Repeat every record below exactly, omitting any pictures.

DATA TO PROCESS Block Start

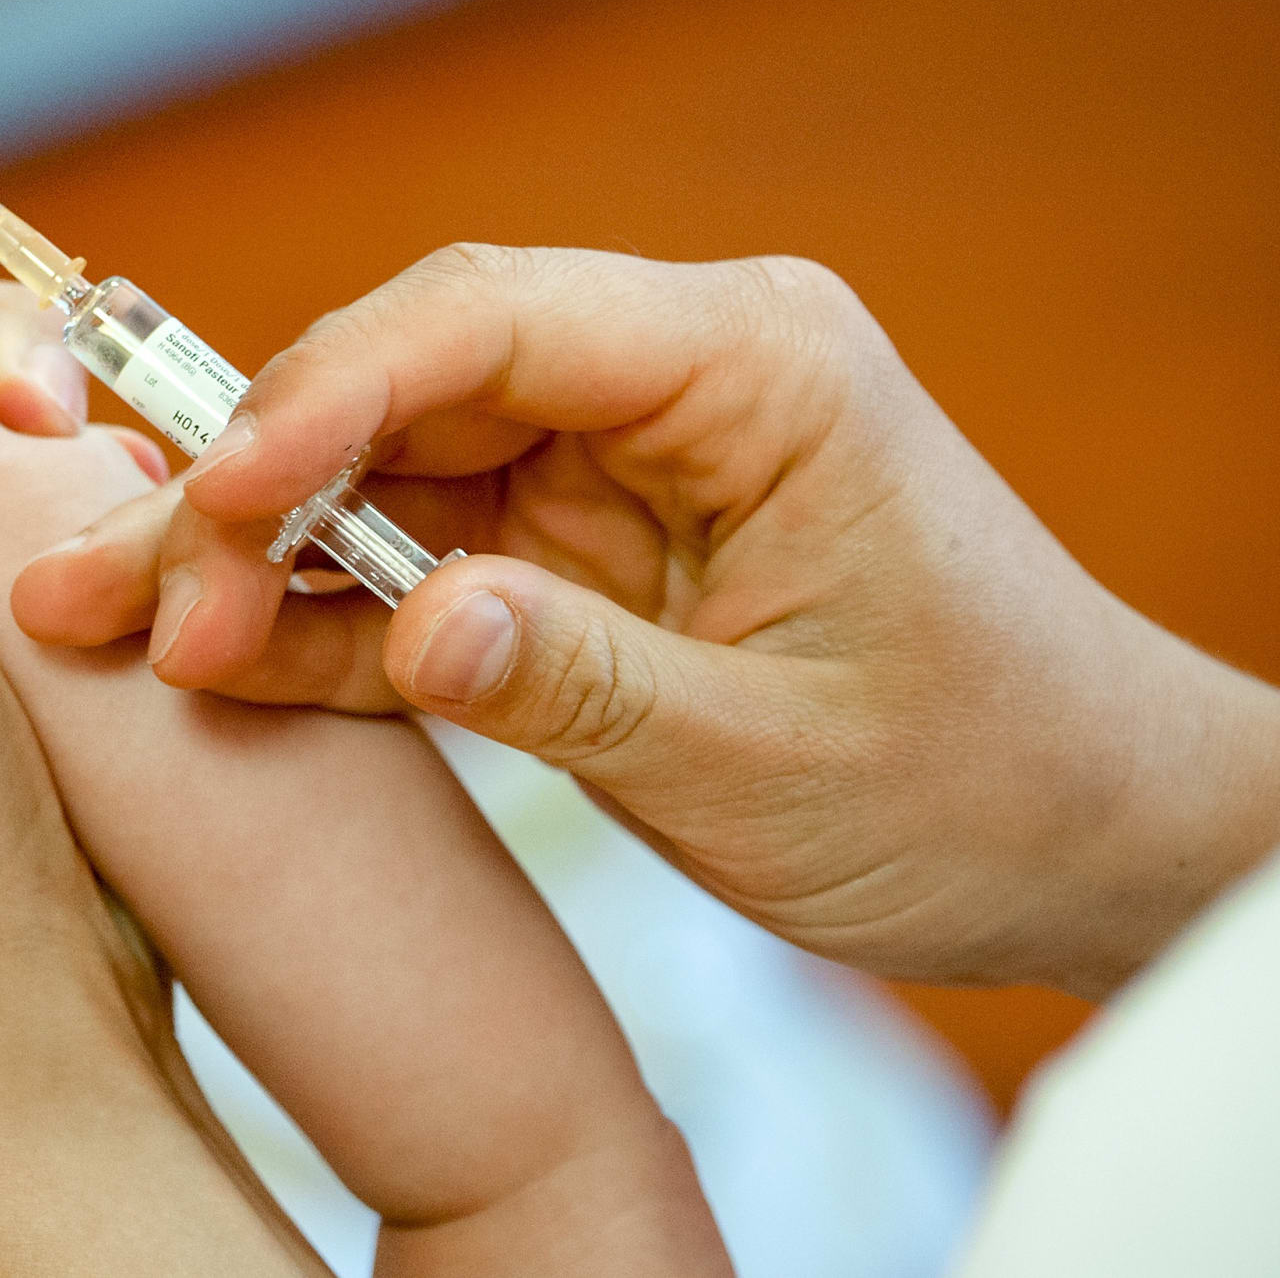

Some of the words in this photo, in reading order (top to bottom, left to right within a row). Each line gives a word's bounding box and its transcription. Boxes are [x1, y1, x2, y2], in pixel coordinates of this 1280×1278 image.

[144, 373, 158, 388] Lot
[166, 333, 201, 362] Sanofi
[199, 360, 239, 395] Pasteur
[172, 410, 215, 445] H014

DATA TO PROCESS Block End

REPLY TO THE TASK:
Some of the words in this photo, in reading order (top to bottom, left to right within a row). Each line gives a word's bounding box and its transcription. Boxes are [x1, y1, x2, y2], in pixel coordinates of this 1280×1278 image.

[144, 373, 158, 388] Lot
[166, 333, 201, 362] Sanofi
[199, 360, 239, 395] Pasteur
[172, 410, 215, 445] H014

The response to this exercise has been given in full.